Well, it's quite obvious to me that our current debt level is not sustainable. I'd like to see a realistic scenario that demonstrates that it is sustainable.

On the contrary. As to national debt, it *is* sustainable, after all, we're not in default at this point. If we cut off our deficits, and are able to refinance at current interest rates, the debt will be sustainable for 30 or 40 years. It's possible, with a decrease in spending, to reduce the debt.

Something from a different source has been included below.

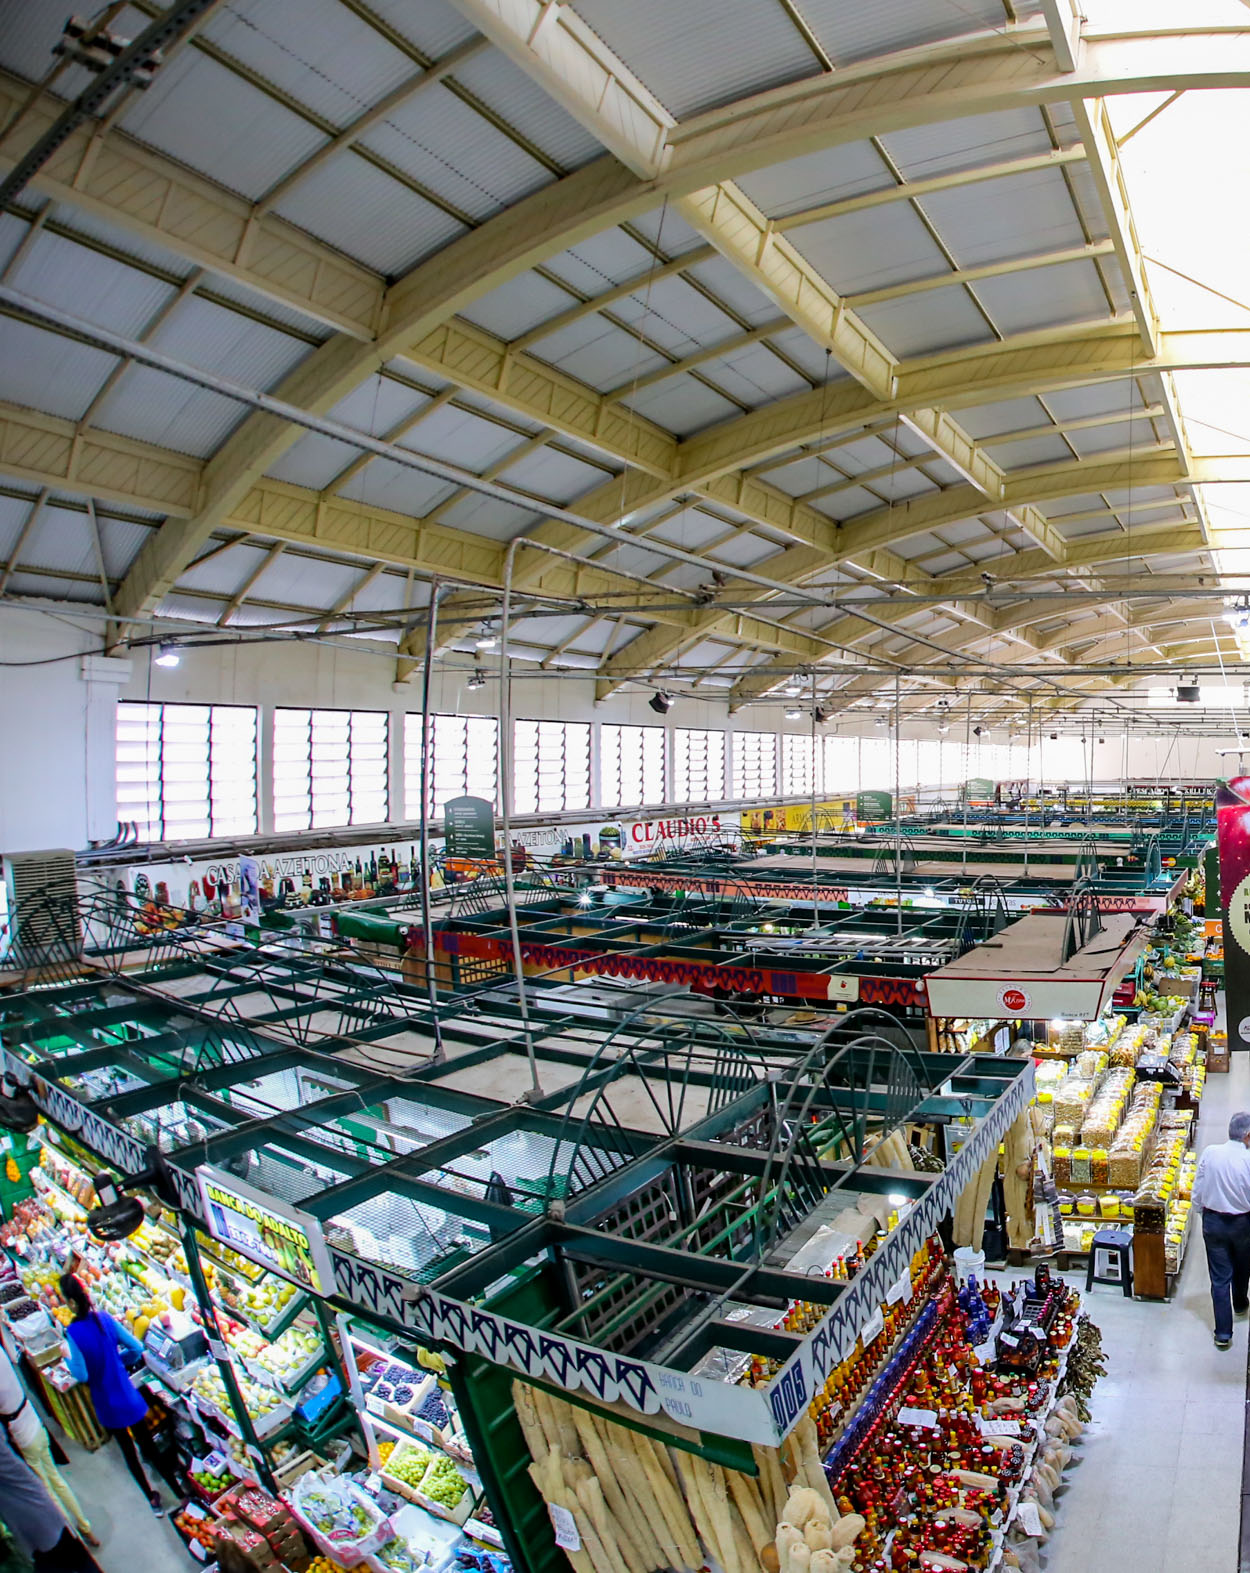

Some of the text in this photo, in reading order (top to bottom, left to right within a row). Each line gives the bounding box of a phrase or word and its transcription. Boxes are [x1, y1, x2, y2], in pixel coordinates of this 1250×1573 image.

The part that isn't sustainable is Social Security and Medicare/Medicaid. The solution to the projected Social Security shortfall is to revise the actuarial assumptions about Social Security to the equivalent of where they were in 1937, where the life expectancy was 59 years, whereas now median life expectancy is almost 20 years greater. This might mean setting the retirement age for people who were born in, say, 1948 and beyond to 75 years of age. It could also spell the end of the Social Security Disability Income program, and benefits to dependents. As for Medicare/Medicaid, the program faces imminent insolvency, so the solution might be a lot more drastic, perhaps involving the drafting of doctors and medical personnel into the Public Health Service (whose chief officer is the Surgeon-General) and the provision of medical care at reduced pay. Actually, what's more realistic is that the medical-industrial complex will collapse, being unable to sacrifice the smallest amount of its prerogatives, perhaps aided by persistent and incurable insolvency on the part of third-party insurors.